Expecting stakeholders to manually follow up with pet records, vaccination requirements, and bookkeep audit-ready documentation as data becomes more granular is also increasingly unrealistic.

This is where technology, in the form of AI-powered automation, centralized real-time insights, and integrated application programming interfaces (APIs), comes into play.

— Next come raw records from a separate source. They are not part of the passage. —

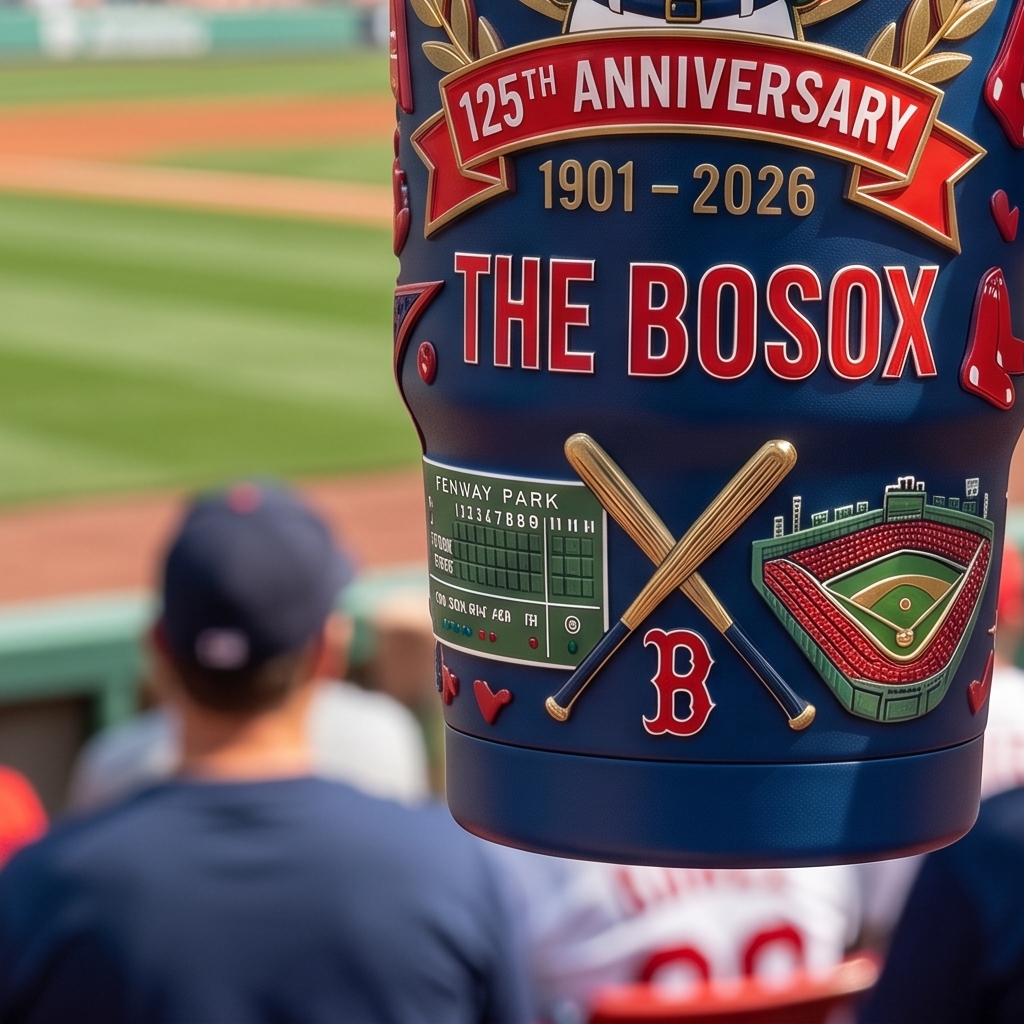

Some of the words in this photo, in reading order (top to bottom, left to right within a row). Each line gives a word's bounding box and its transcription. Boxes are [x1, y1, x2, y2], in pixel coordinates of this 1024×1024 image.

[573, 55, 918, 151] ANNIVERSARY
[538, 159, 634, 212] 1901
[693, 163, 816, 216] 2026
[453, 251, 596, 374] THE
[627, 262, 940, 381] BOSOX
[435, 475, 492, 501] FENWAY
[502, 488, 559, 510] PARK
[642, 628, 717, 737] B

Such a measured approach supports premium adjustments, deductibles or coverage caps, rather than relying on traditional – and often ineffective – pet bans.

Five pillars that guide technological adoption in pet-related insurance claims:

  • Centralization: Portals that integrate pet approvals and bundled dog bite coverage reduce breed bias, ensure compliance and reduce liability.
  • Customization: Managers can set their individual pet approval criteria that align with insurance policies.
  • Automation: Streamlining of resident onboarding processes reduces staff time spent on pet approvals.
  • Derisking: Minimize liability and discrimination risk with standardized and transparent processes and records.
  • Inclusivity: Objective scoring model that reduces bias and promotes transparency.

This change in paradigm offers more than the peace of mind for managers and insurers; it also supports community-building, the promotion of longer tenancies, and better communication.

In the end, pet bite liability and provisions to support all stakeholders involved have shown the real power insurers can leverage, for the benefit and betterment of communities.

The next step, then, will come from them, as processes are smoothed out through technologies, responsible parties assume the eagle-eyed view that is now required, and seize the opportunity to move from reactive to proactive.